Keynote speaker Archbishop Maurice Sinclair of the Southern Cone (of South America) said: “The Anglican Communion does undoubtedly need a more robust lead from its primates in guarding its doctrinal and ethical inheritance. It does urgently need an appropriate mechanism of international decision making, not subject to distorting influences, and not leaving us at the mercy of culture-driven innovations.”

Speaking of his own province, Archbishop Sinclair said, “Anglicanism, which retains the full substance of essential Christian faith, is undoubtedly relevant to the challenges, the longings and the heartbreak of Latin America today.

“By contrast,” he added, “an Anglicanism which sits light on biblical and historic tradition and brings in an alternative sexual ethic, causes scandal and has no place in the republics where we serve.”

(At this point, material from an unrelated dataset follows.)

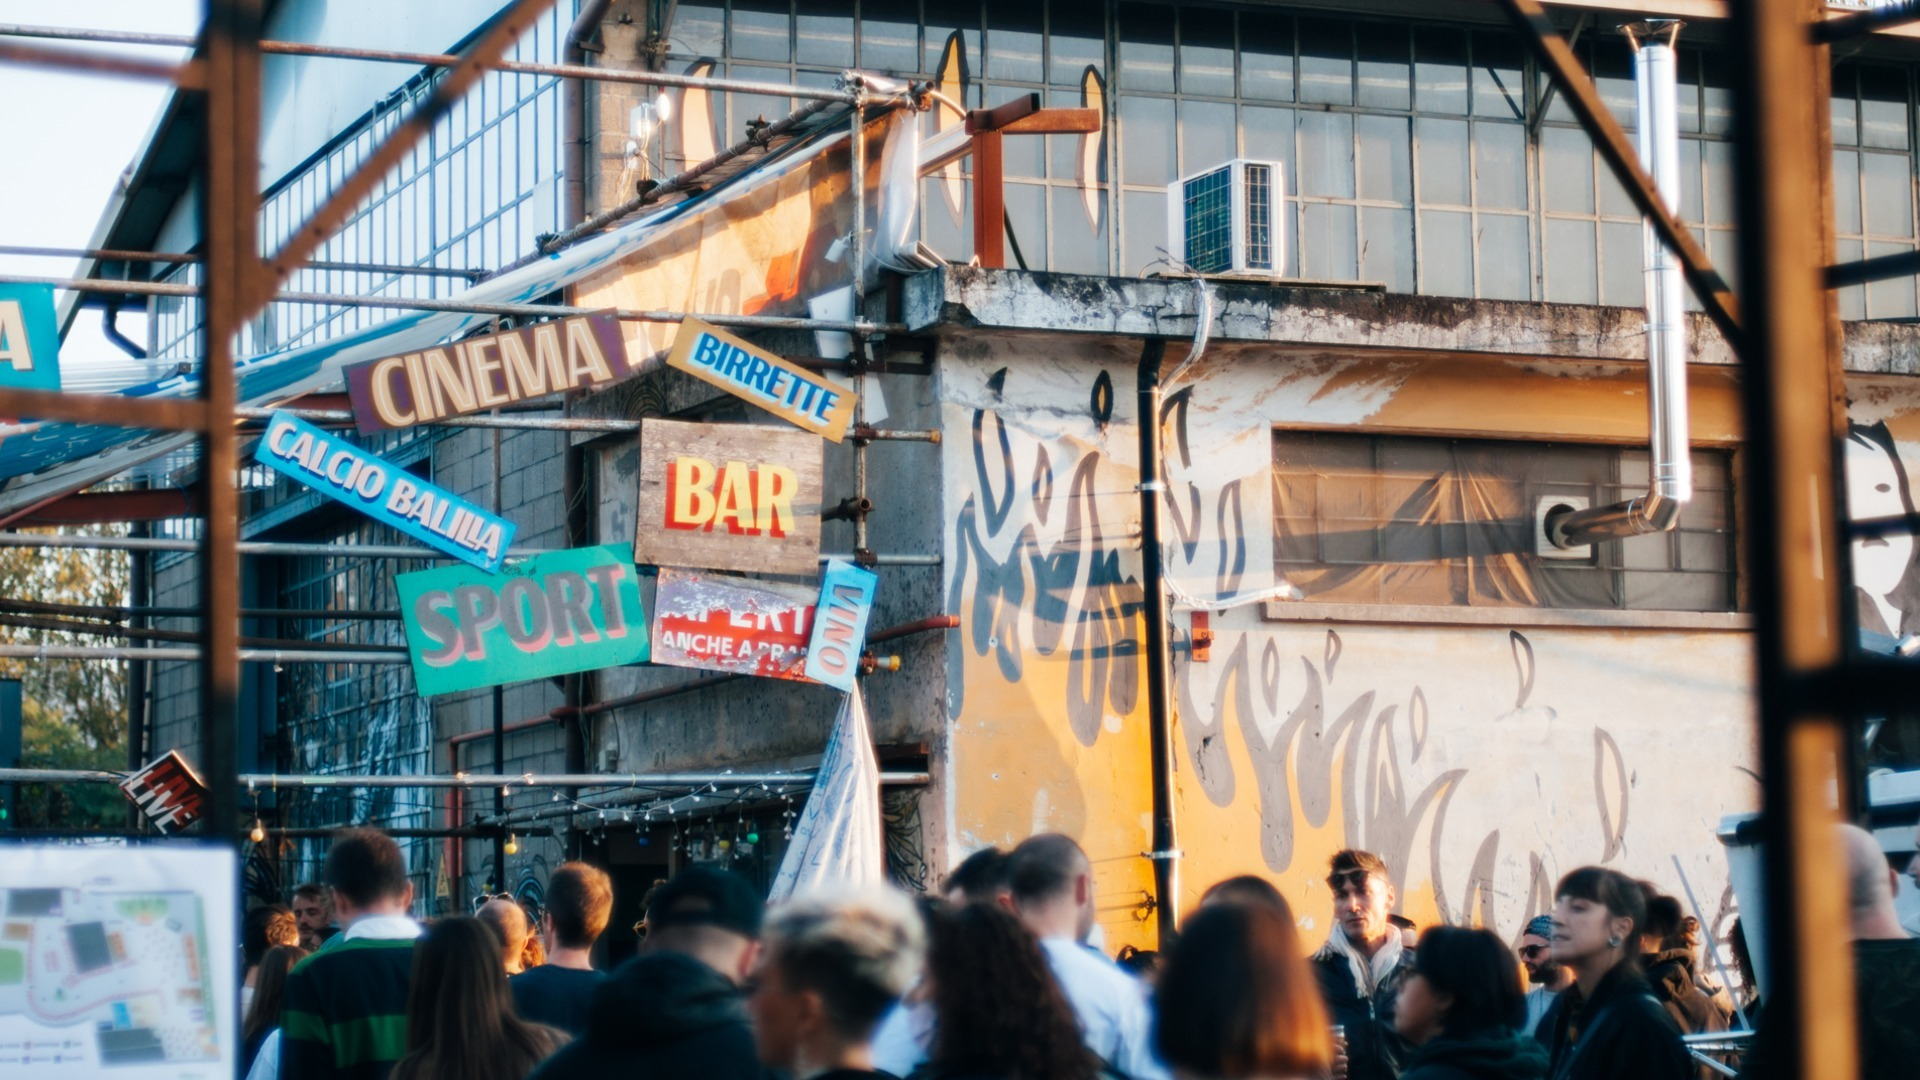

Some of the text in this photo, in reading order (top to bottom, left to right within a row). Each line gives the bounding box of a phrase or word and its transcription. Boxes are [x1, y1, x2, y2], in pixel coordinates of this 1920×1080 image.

However, conference chair George Sinclair (no relation) said that the future of Essentials would lie in conferences, not in political action. “As we are thinking about the next four or five years, political action doesn’t figure in it.” Instead, he said, the council is planning four or five conferences over the next five years, and will hire a part-time staff person to organize them.

As well, the group is planning partnerships with Anglican parishes in Canada that ask for it.

Gerry Taunton, a parishioner in St. Martin’s, North Vancouver, said that he was at the conference “primarily to learn.” Although he has attended St. Martin’s for 10 years, he said, he has just recently been confirmed.

“I was held back by things going on in the Anglican church that seemed to have more to do with people’s political agendas?sometimes I wonder if I’m in the Council of Canadians, or the Anglican Church of Canada.” This kind of conference, he added, “gets back to the basics.”

Heather Searle, 38, a parishioner from St. John (Shaughnessy), Vancouver, also attending her first Essentials conference, said it was “an opportunity to hear people from all across the country and all around the world. ?The strength of this conference is that it starts with the truth of God as revealed in scripture. From that basis we can look at our role as Christian people in the world.”

Rev. Joy Vernon of Duncan, B.C., said that the outside perception of Essentials people troubles her. “It’s very sad that Essentials is perceived in a box and that some people would link gay-bashing with our focus. It is not even discussed, and is not on the agenda. I have no patience with any Christian, anywhere, who gay- bash. It saddens me.”

Doris Mills, 79, of Mission, B.C., said the conference was “a real triumph for Anglicanism. It’s God’s church and He won’t let it go where He doesn’t want it to go.”

Ms. Mills, who sat through plenary sessions on the seat of her walker, and also attended workshops on medical ethics and on prayer, added that she dislikes intolerance. “A closed mind is intellectual suicide,” she said with a smile. Asked about comments made from the podium on same-sex unions, Ms. Mills said, “I’m not vicious about it. I don’t condone the sin, but I can still love the sinner. I think the blessings are very personal, between Christ and the persons involved. I don’t feel I have the right to judge.”

The conference had an abundance of news from the Third World. Bishop Josiah Idowu-Fearon riveted 1,000 people at a Sunday evening worship service at the university conference centre with stories of violence against Christians in his home country of Nigeria where Muslim Sharia law is practised in the north.

Conversion to Christianity, he said, is punishable by death.

At the end of the Sunday evening service, clergy from the diocese of New Westminster were invited to the front for a blessing by another keynote speaker, Archbishop Yong Ping Chung, of the Province of South Asia. The 26 men and women wrapped their arms around each other as they stood in a semicircle in front of the podium.